Reproduce the records in full. Alter nothing.

**Supplied data**.
════════════════
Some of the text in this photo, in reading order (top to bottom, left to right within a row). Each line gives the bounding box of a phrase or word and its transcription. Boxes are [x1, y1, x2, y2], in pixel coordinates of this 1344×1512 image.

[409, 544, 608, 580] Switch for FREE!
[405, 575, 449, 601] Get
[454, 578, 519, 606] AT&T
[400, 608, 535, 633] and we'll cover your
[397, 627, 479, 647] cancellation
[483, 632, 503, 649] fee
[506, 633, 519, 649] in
════════════════
**Expected output**.
Some of the text in this photo, in reading order (top to bottom, left to right within a row). Each line gives the bounding box of a phrase or word and its transcription. Boxes are [x1, y1, x2, y2], in pixel coordinates of this 1344×1512 image.

[409, 544, 608, 580] Switch for FREE!
[405, 575, 449, 601] Get
[454, 578, 519, 606] AT&T
[400, 608, 535, 633] and we'll cover your
[397, 627, 479, 647] cancellation
[483, 632, 503, 649] fee
[506, 633, 519, 649] in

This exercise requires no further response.